Prophage Finder Help
III. Downloading and Installing Prophage Finder
This web application was designed to provide researchers with a tool to quickly predict potential prophage loci in prokaryotic genome sequences. However, this web application does not make any predictions as to whether the identified prophage is functional or not and it is also important to note the identified prophage region will most likely not represent the entire prophage.

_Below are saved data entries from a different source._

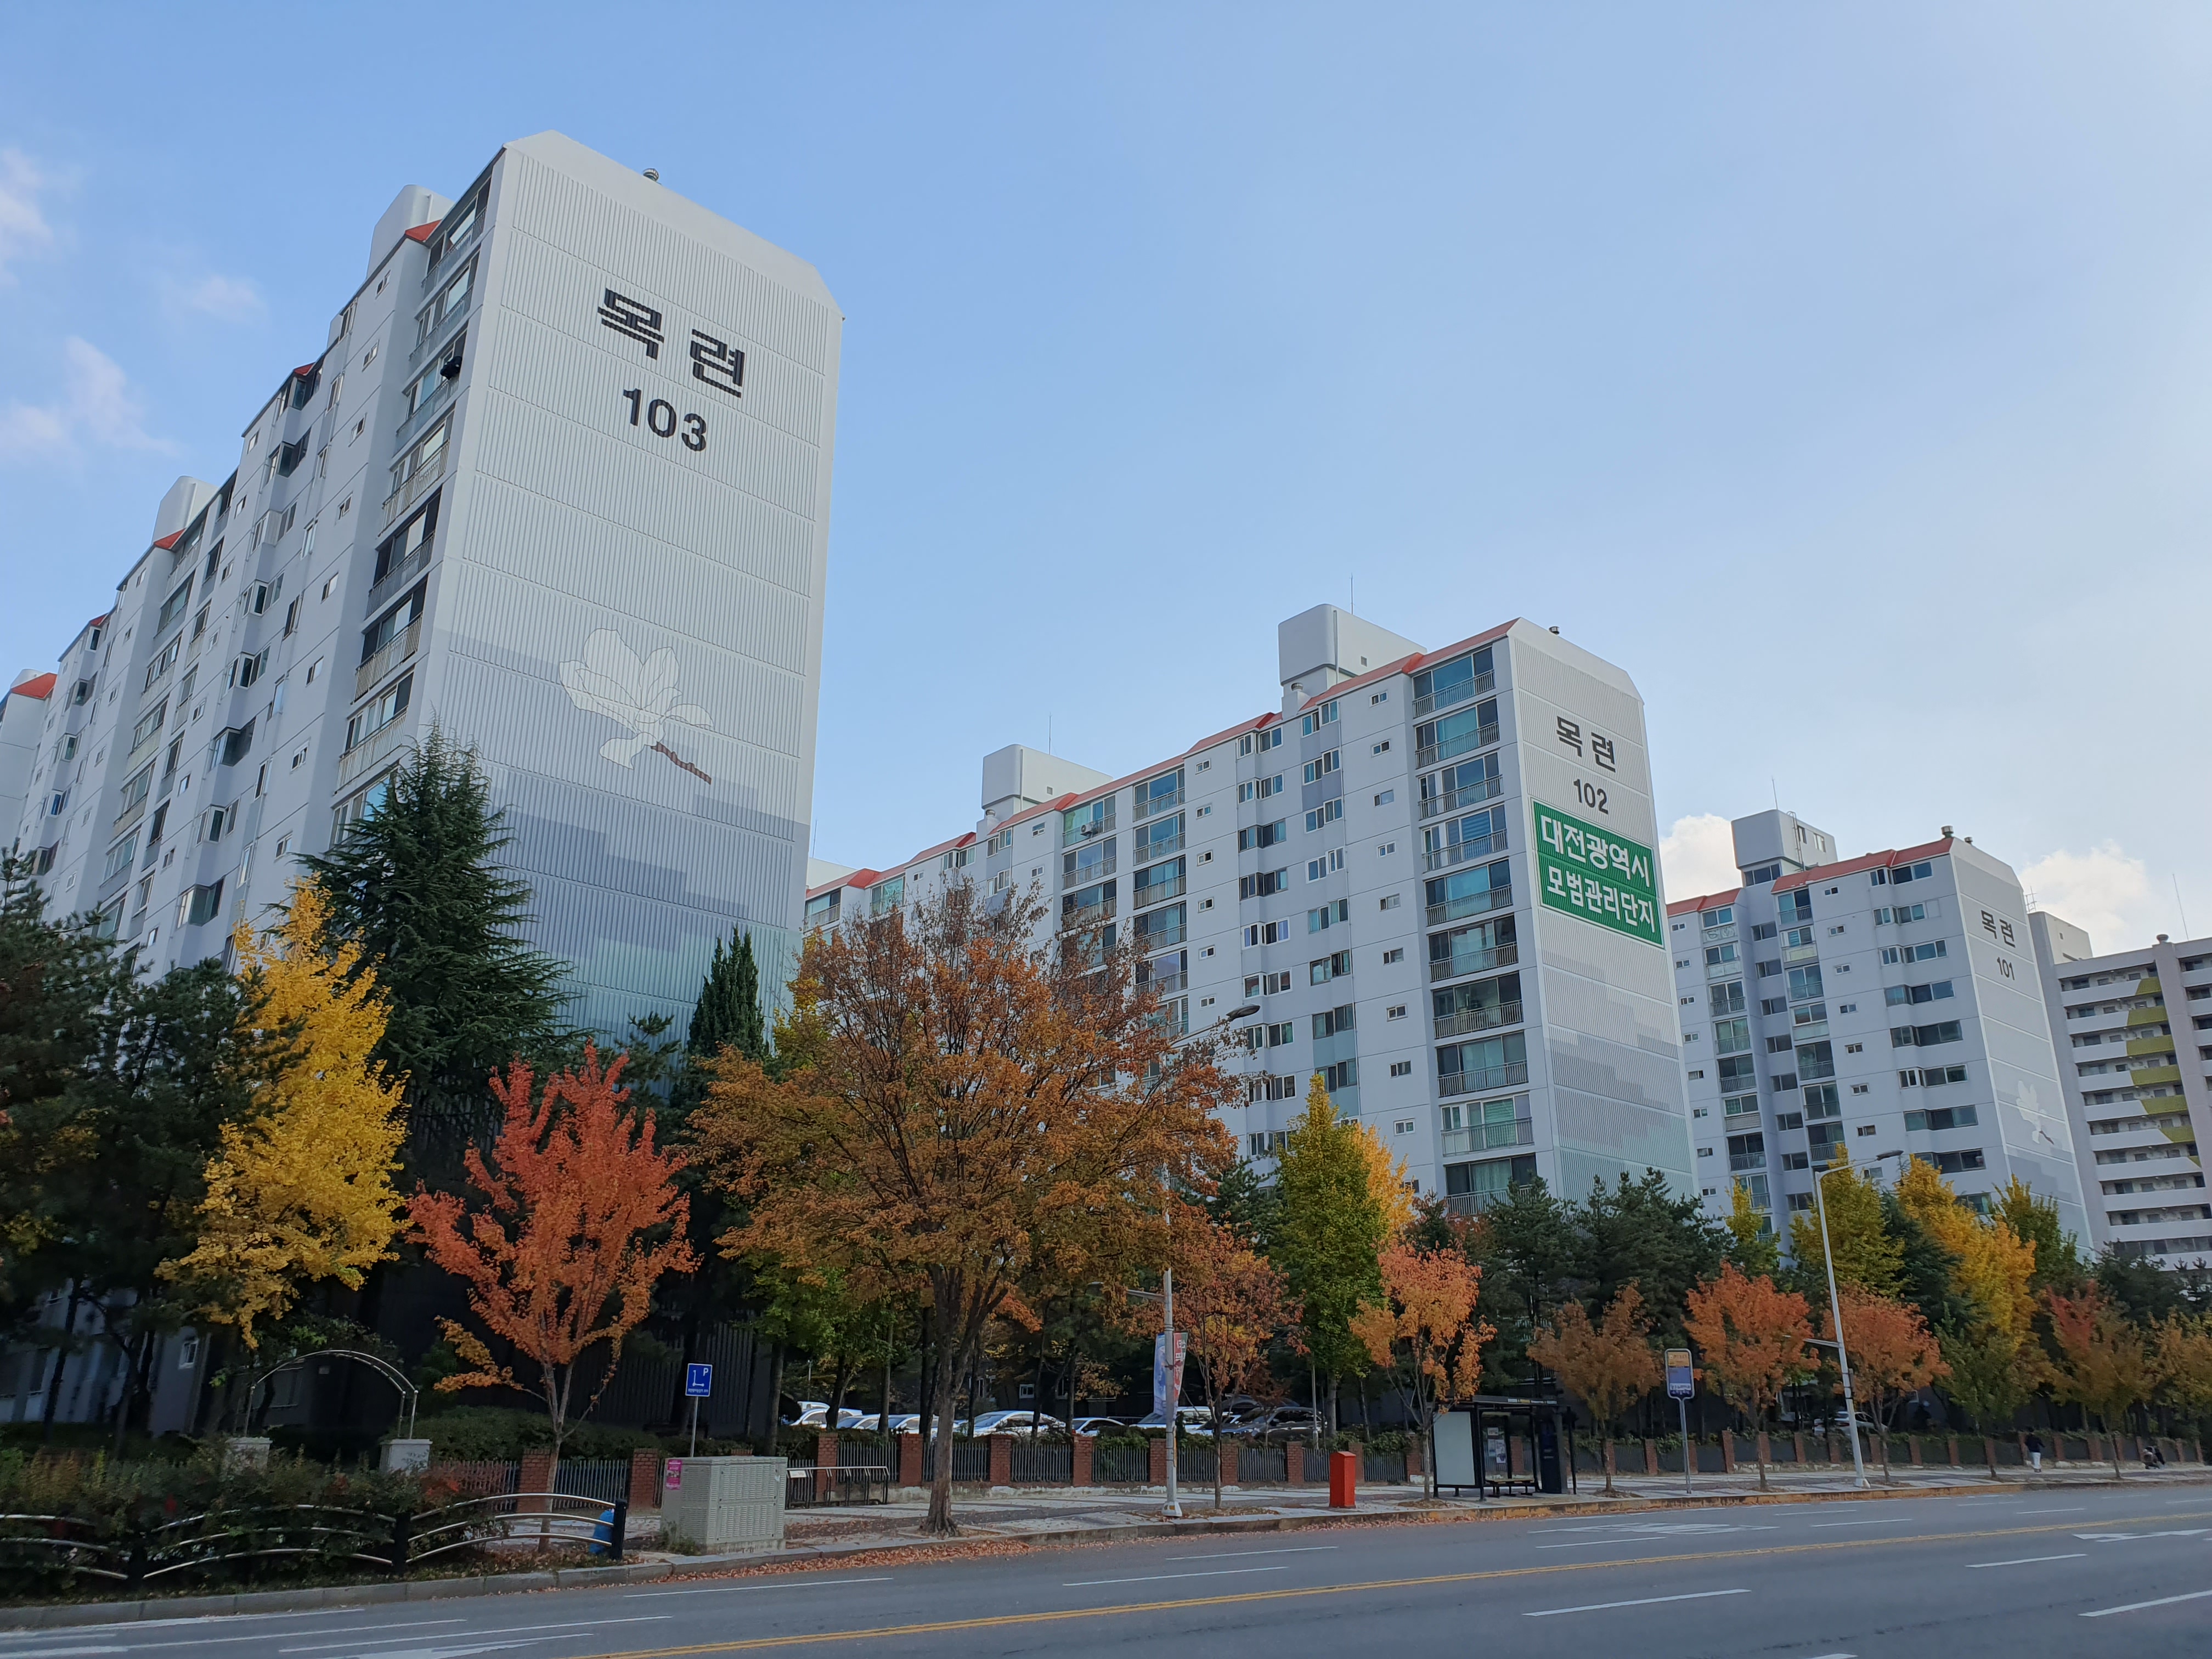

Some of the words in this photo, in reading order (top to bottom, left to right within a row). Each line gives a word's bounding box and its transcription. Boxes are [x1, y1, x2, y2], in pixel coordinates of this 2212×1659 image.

[623, 388, 707, 452] 103
[1573, 778, 1609, 815] 102
[1541, 815, 1650, 888] 대전광역시
[1547, 866, 1655, 933] 모범관리단지
[1997, 957, 2015, 980] 101
[703, 1367, 709, 1376] P

Prophage Finder initially uses BLASTX to compare input DNA sequences to a database of predicted proteins from all sequenced phage genomes as of April 2005, available at http://www.ncbi.nlm.nih.gov/genomes/static/phg.html. The BLAST results are then processed by a Perl program to determine potential prophage. This perl program predicts prophage by clustering the BLAST hits based on the number of base pairs between them and then reporting the clusters greater than a specified size.
A. Input
1. For this tutorial you will need to download, an example sequence file called rsph2.txt. Download the file by clicking here and save it on your computer.
2. After downloading the file, open the Prophage Finder homepage and select the file rsph2.txt as your upload file. Next, check the box for tRNAscan, enter your email address, and then click on the submit button.

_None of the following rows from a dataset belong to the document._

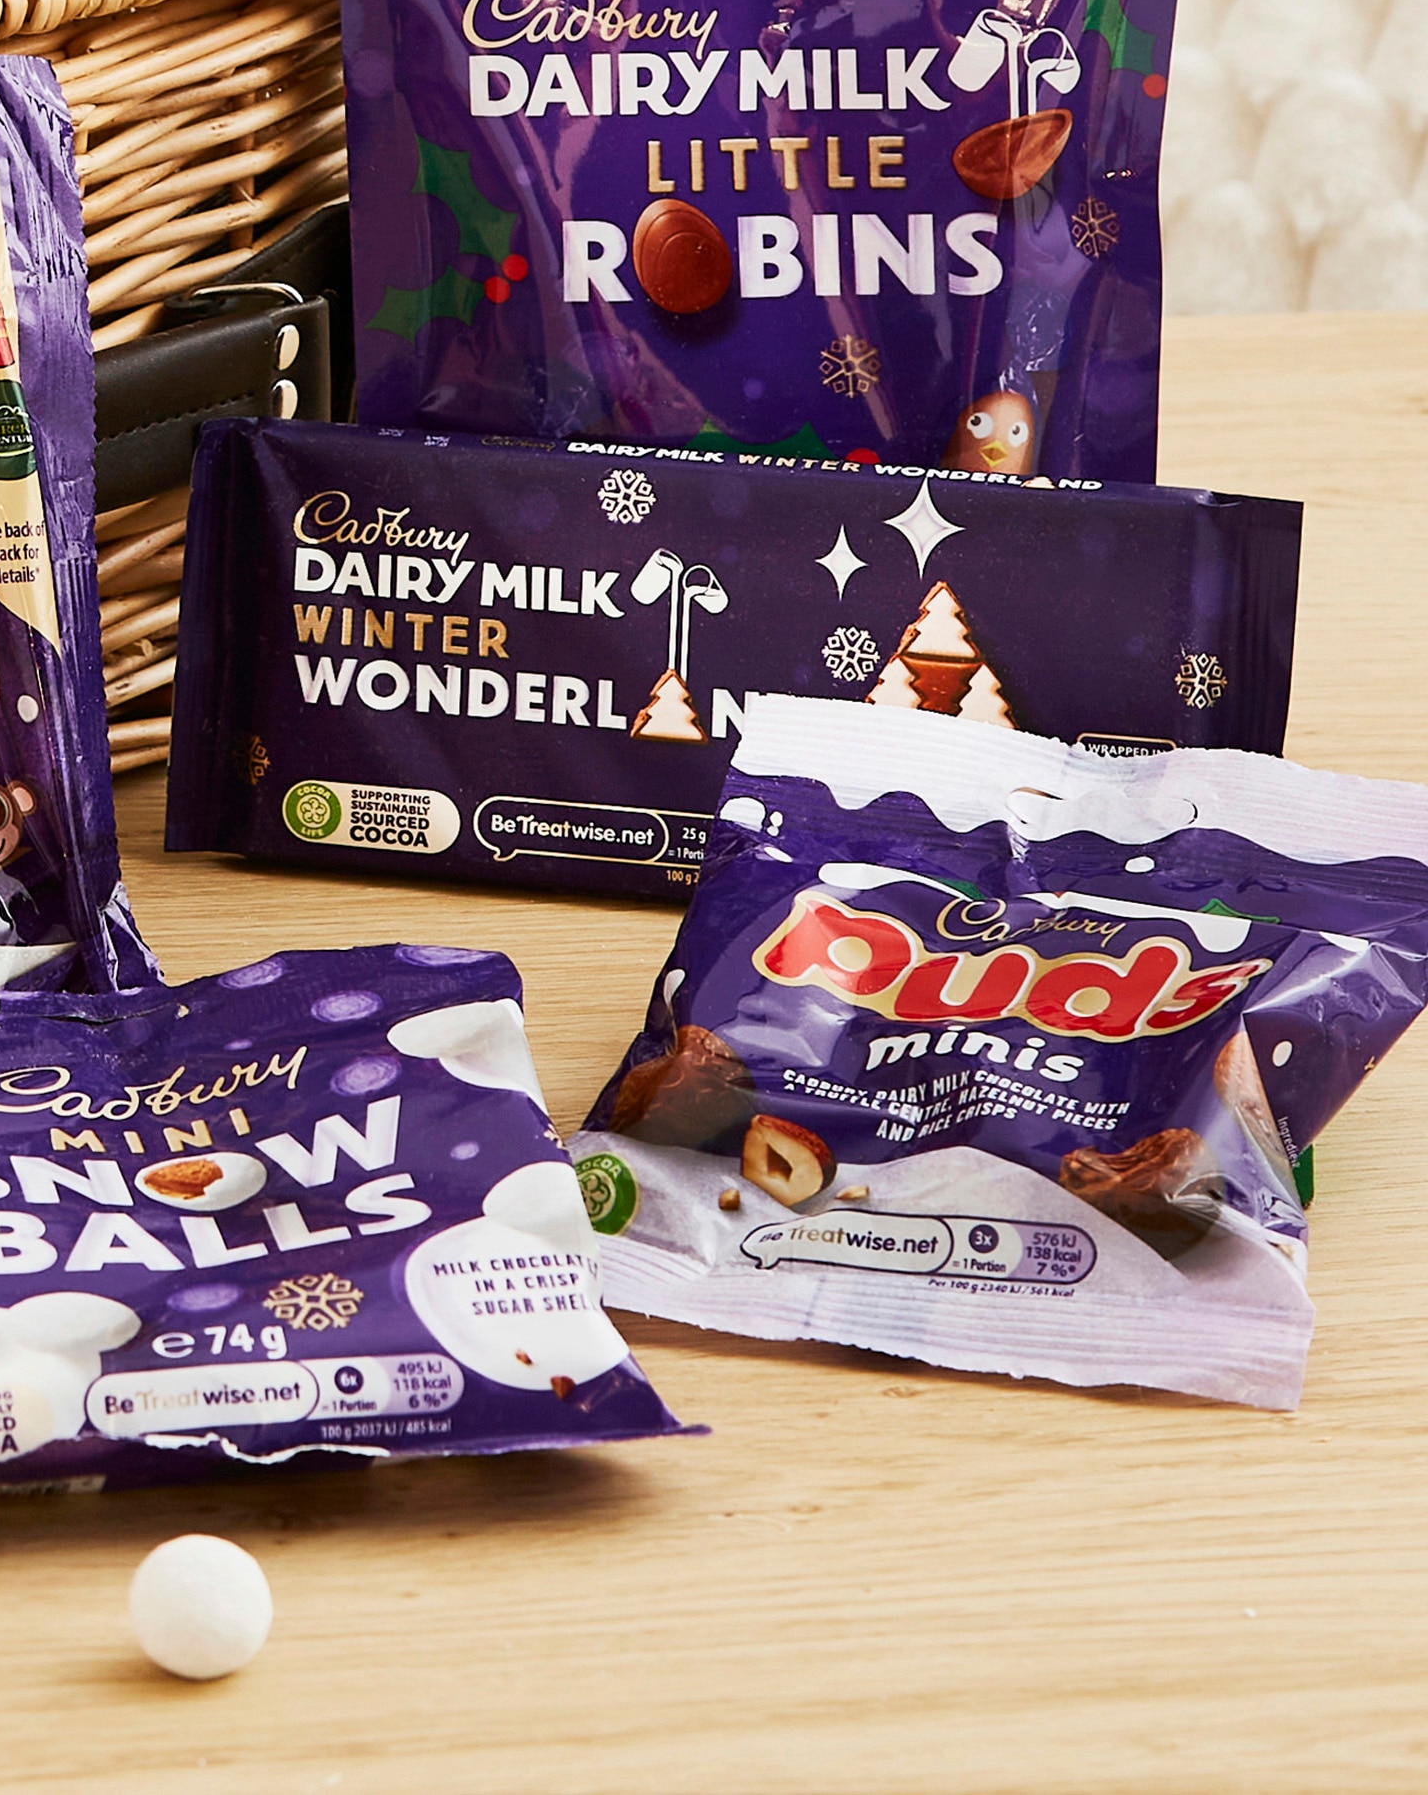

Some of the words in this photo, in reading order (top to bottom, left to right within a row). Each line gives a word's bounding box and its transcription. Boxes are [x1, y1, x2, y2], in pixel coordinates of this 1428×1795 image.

[469, 48, 729, 117] DAIRY
[739, 46, 951, 112] MILK
[647, 134, 907, 193] LITTLE
[566, 441, 656, 457] DAIRY
[655, 447, 725, 463] MILK
[739, 454, 862, 472] WINTER
[4, 521, 33, 538] back
[293, 490, 470, 564] Cadbury
[23, 543, 39, 559] for
[294, 548, 475, 603] DAIRY
[481, 563, 625, 618] MILK
[293, 604, 510, 659] WINTER
[351, 789, 431, 805] SUPPORTING
[351, 800, 430, 816] SUSTAINABLY
[351, 811, 430, 830] SOURCED
[350, 825, 429, 848] COCOA
[683, 848, 704, 860] Porti
[760, 896, 1271, 1039] Puds
[866, 1025, 1085, 1082] minis
[875, 1084, 926, 1104] DAIRY
[933, 1071, 970, 1097] MILK
[974, 1070, 1079, 1111] CHOCOLATE
[1084, 1101, 1131, 1116] WITH
[958, 1086, 1049, 1115] HAZELNUT
[1052, 1110, 1119, 1131] PIECES
[50, 1109, 251, 1153] MINI
[876, 1119, 916, 1143] AND
[919, 1118, 953, 1138] RICE
[956, 1102, 1018, 1125] CRISPS
[975, 1231, 993, 1246] 3x
[1033, 1231, 1058, 1246] 576
[1061, 1235, 1077, 1248] kJ
[1026, 1246, 1051, 1260] 138
[1053, 1248, 1082, 1263] kcal
[433, 1260, 482, 1277] MILK
[490, 1254, 598, 1276] CHOCOLAT
[970, 1259, 1006, 1273] Portion
[475, 1279, 495, 1293] IN
[505, 1278, 516, 1290] A
[524, 1273, 579, 1289] CRISP
[473, 1298, 535, 1316] SUGAR
[398, 1362, 424, 1375] 495
[394, 1378, 418, 1391] 118
[421, 1375, 452, 1390] kcal
[105, 1394, 134, 1415] Be
[429, 1420, 451, 1434] kcal

3. After you click on the submit button you will be notified once the DNA sequence has been uploaded that your request has been submitted and your results will be sent to you via email. For this tutorial, you should receive your results within an hour.
4. You can either wait for your results or continue with the results files provided below. There should be seven output files.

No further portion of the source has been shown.